De Novo Transcriptome Assemblers – Oases, Trinity, etc. - II

De Novo Transcriptome Assemblers – Oases, Trinity, etc. - II

We present our apologies for not writing for a while, dear reader. By now you realize that thinking and creativity do not come to us naturally, or otherwise we would be writing fictions or peddle specious economic ideas to unassuming public. Speaking of how creative economic ‘science’ can get, here you can watch our beloved e-con Nobel laureate propose starting an war against space aliens to improve US economy.

We are not that adventurous and shall restrict ourselves to the more earthly topic of transcriptome assembly. As we promised earlier, this series will be presented in four parts. Instead of jumping straight to specific assembly programs, we will first provide a broad overview of the changing field of transcriptomics, and explain the importance of transcriptome assemblers.

Larger Perspectives

We have been working on transcriptomics for the major part of last decade and are observing a rapid paradigm change taking place over the last two years. We are not referring to the ability to generate high-quality gene strucures of well-studied organisms with NGS technology, but a complete overhaul in the way transcriptomics research is done. Let me elaborate.
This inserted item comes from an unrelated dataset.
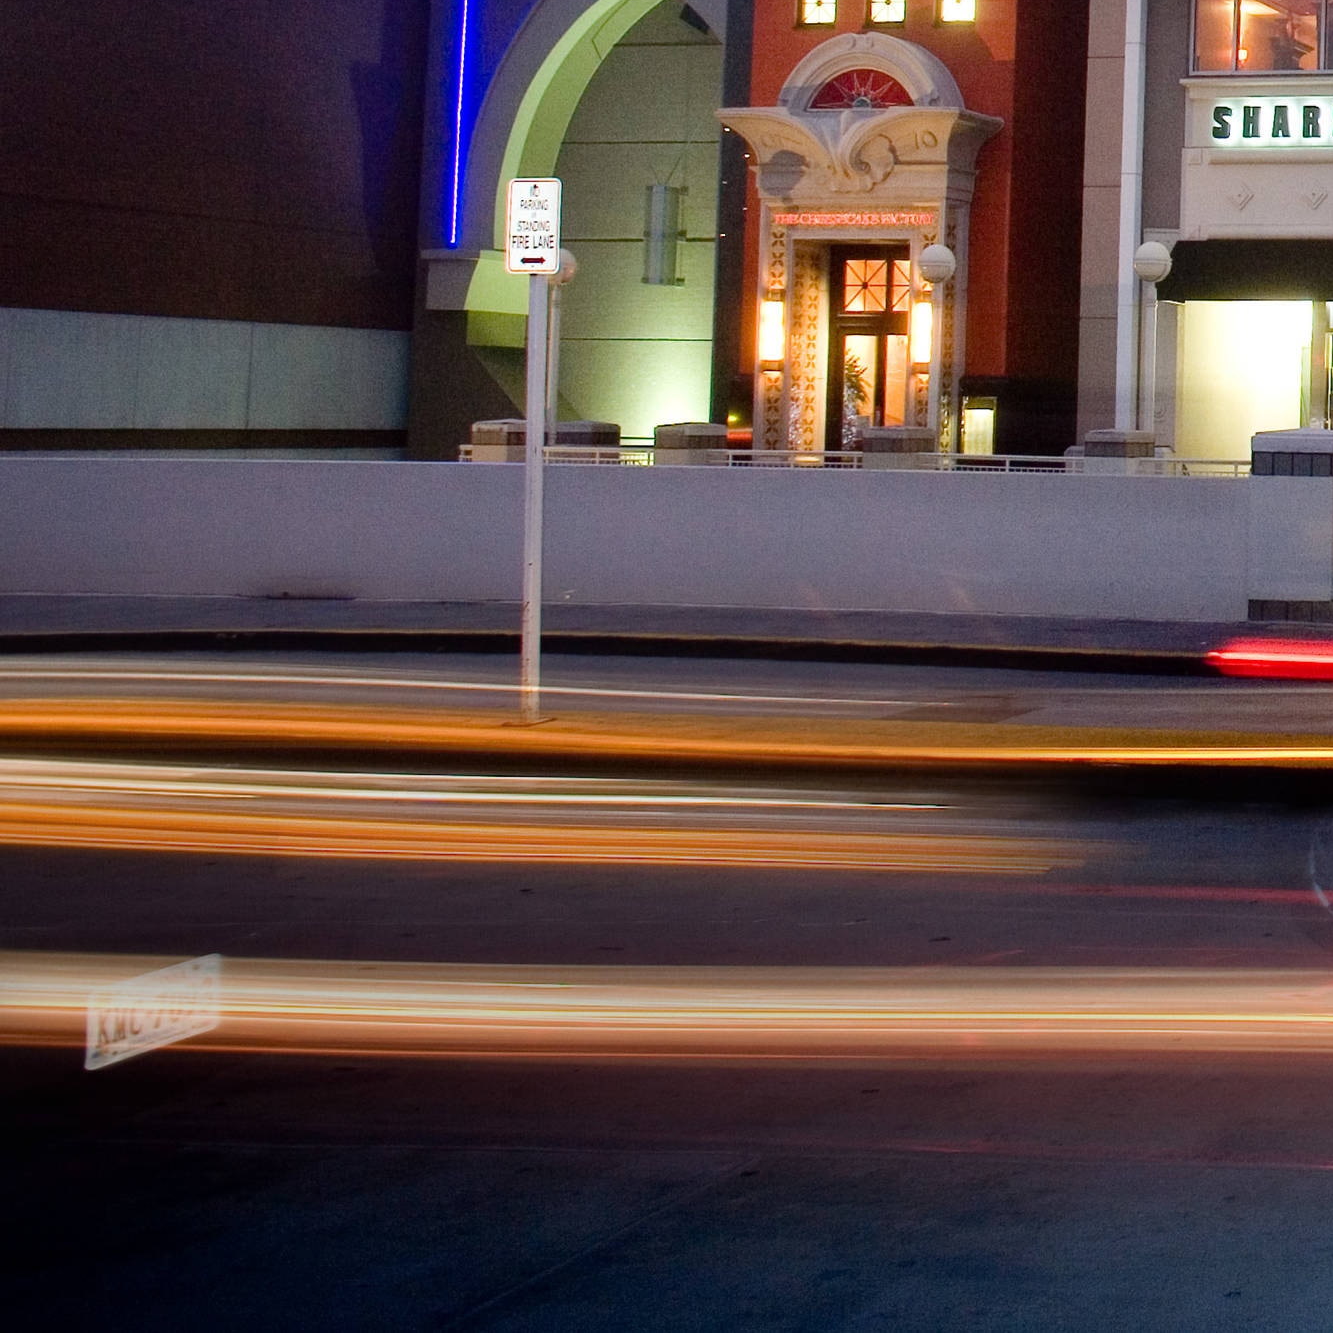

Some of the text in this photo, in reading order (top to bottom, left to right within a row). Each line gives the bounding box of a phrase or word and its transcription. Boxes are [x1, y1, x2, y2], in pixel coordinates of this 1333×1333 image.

[519, 199, 549, 210] PARKING
[517, 220, 550, 232] STANDING
[511, 234, 555, 250] FIRE LANE
If you read various genome sequencing papers (mosquito, honey bee, sea urchin, rat, rice), you will notice that most of them spent only few paragraphs describing the genome and devoted the rest on the genes. This is understandable, because an overwhelming majority of biologists are primarily interested in the genes and transcriptomes (differential expression of genes in tissues). Genome sequencing has been the easiest way to get to the genes, but if biologists had a simpler way to determine the genes and their expressions without going through the elaborate process of genome assembly and gene prediction, they would have preferred that option. NGS technology offers exactly that option going straight to the genes and transcriptome.

Let me make clear that I do not want to undermine the importance of genome sequence, and start a civil war like the Liliputs fought to decide whether egg should be broken on big end or little end. The genome sequence is extremely valuable to study cis-regulatory regions that control gene expression. However, those topics come only after genes and expressions are known.
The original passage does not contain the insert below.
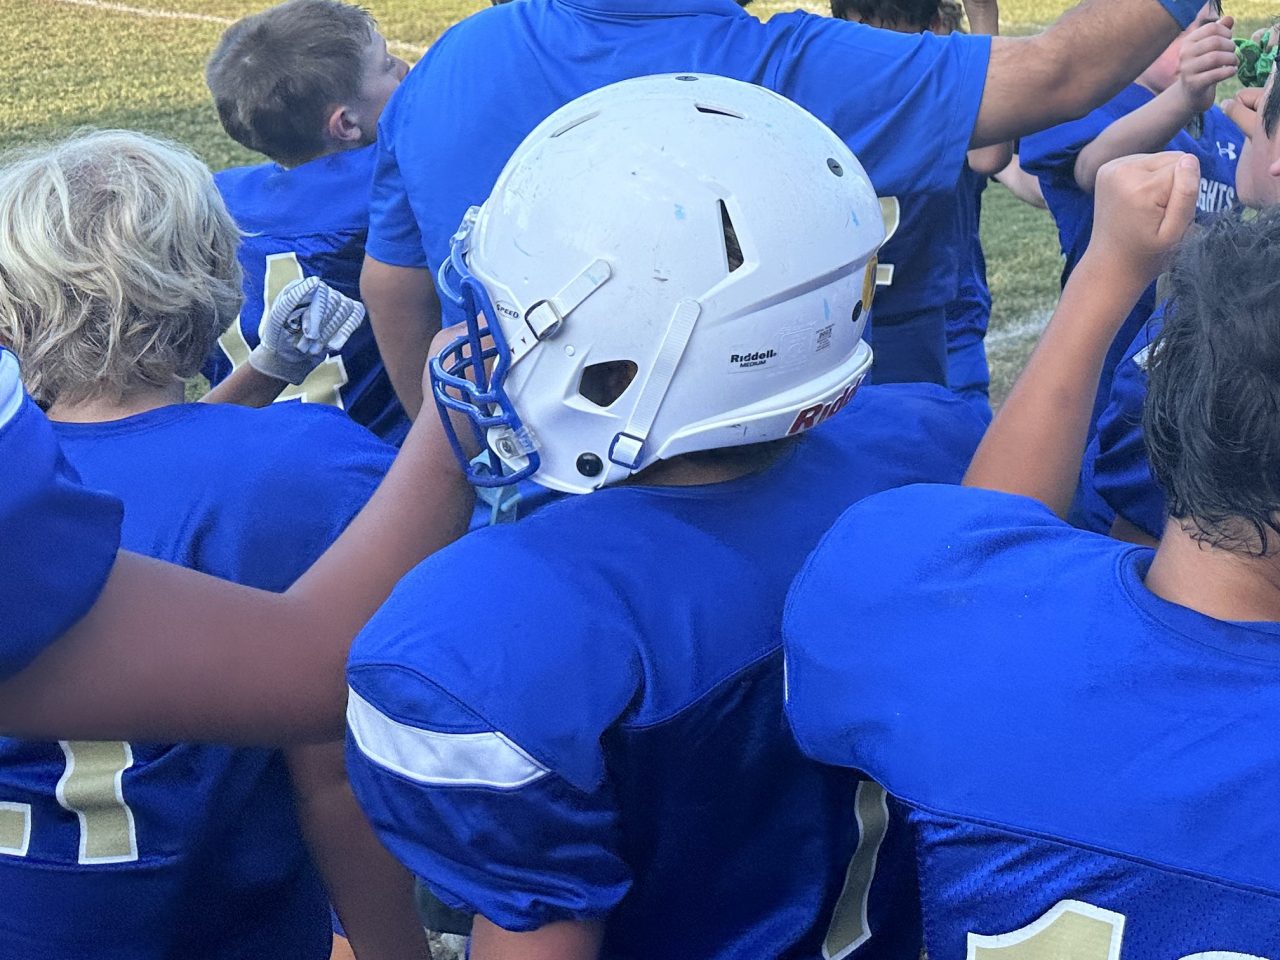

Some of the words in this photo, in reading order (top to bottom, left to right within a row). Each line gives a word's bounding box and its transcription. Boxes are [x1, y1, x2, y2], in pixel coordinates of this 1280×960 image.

[1196, 177, 1235, 214] GHTS
[496, 303, 519, 319] SPEED
[740, 360, 767, 368] MEDIUM
The field of transcriptomics changed greatly over the years. Sequencing was expensive in the first generation. Therefore, most of the money was spent on genome sequencing, and a small amount of funds was reserved to sequence genes in the form of ESTs. The coverage of ESTs was usually poor, and therefore scientists relied primarily on computational gene prediction approaches to annotate the genome. For higher eukaryotes, the gene structures were often wrong or incomplete following this approach.

The cost of manufacturing oligonucleotide arrays came down in the next generation, and an array based approach for finding the genes was invented (human, sea urchin, arabidopsis, etc.). This tiling array-based approach provided two advantages. Firstly, the gene structures were empirically based, and not the product of computer prediction. Secondly, the arrays covered the entire genome, whereas the other alternatives like ESTs only gave information for a few genes. However, designing tiling arrays still required a reference genome. So this method could not be applied on an organism until the genome sequencing is completed.

NGS technologies bring us to the third generation of transcriptomics, where we are able to determine the transcriptome of any organism in any tissue without sequencing the genome before hand. This opens up wide variety of previously inaccessible problems to the geneticists.

It is possible to do transcriptomics without genomics with NGS technology, because the volume of data is so large that the complete gene structures can be reconstructed at a low cost. You now see clearly how important the transcriptome assemblers in this overall picture.

Difference between transcriptome and genome assemblers

Why do we need separate assembly programs to assemble transcriptomes instead of using de Bruijn-based genome assemblers like Velvet? There are two reasons.

Firstly, as we explained in our article on de Bruijn graph construction, a de Bruijn genome assembler typically assumes that all parts of the de Bruijn graph have uniform number of reads. This is not a good assumption for short read library from a transcriptome, because some genes can be expressed at a very low level and have small number of reads. Some other highly expressed genes will have large number of reads, and they will dominate the assembly. A transcriptome assemblers should be able to adjust for these differences.

Secondly, the de Bruijn graph of a transcriptome readily separates into small subgraphs of many genes. Transcriptomes are repeat free, and therefore their de Bruijn graphs are not expected to group together unlike de Bruijn graphs from a genome. A good transcriptome assembler should be able to take advantage of this feature.

In the following figure, we show typical structure of de Bruijn graph of a transcriptome as constructed from short reads. Width of arrows connecting nodes represent the number of reads traversing the path.

A similarity between transcriptomics and metagenomics

While on the topic, we point out some similarities between transcriptome assembly and metagenomics. In metagenomics, genetic materials are collected from an environmental sample and all genomes present in the sample are sequenced together. The challenges in assembly of those genomes is not different from transcriptome assembly, because various organisms (and their chromosomes) can be present at different frequencies. Metagenome assembly may pose additional challenges, because the genomes are larger than typical genes and may contain some repeats.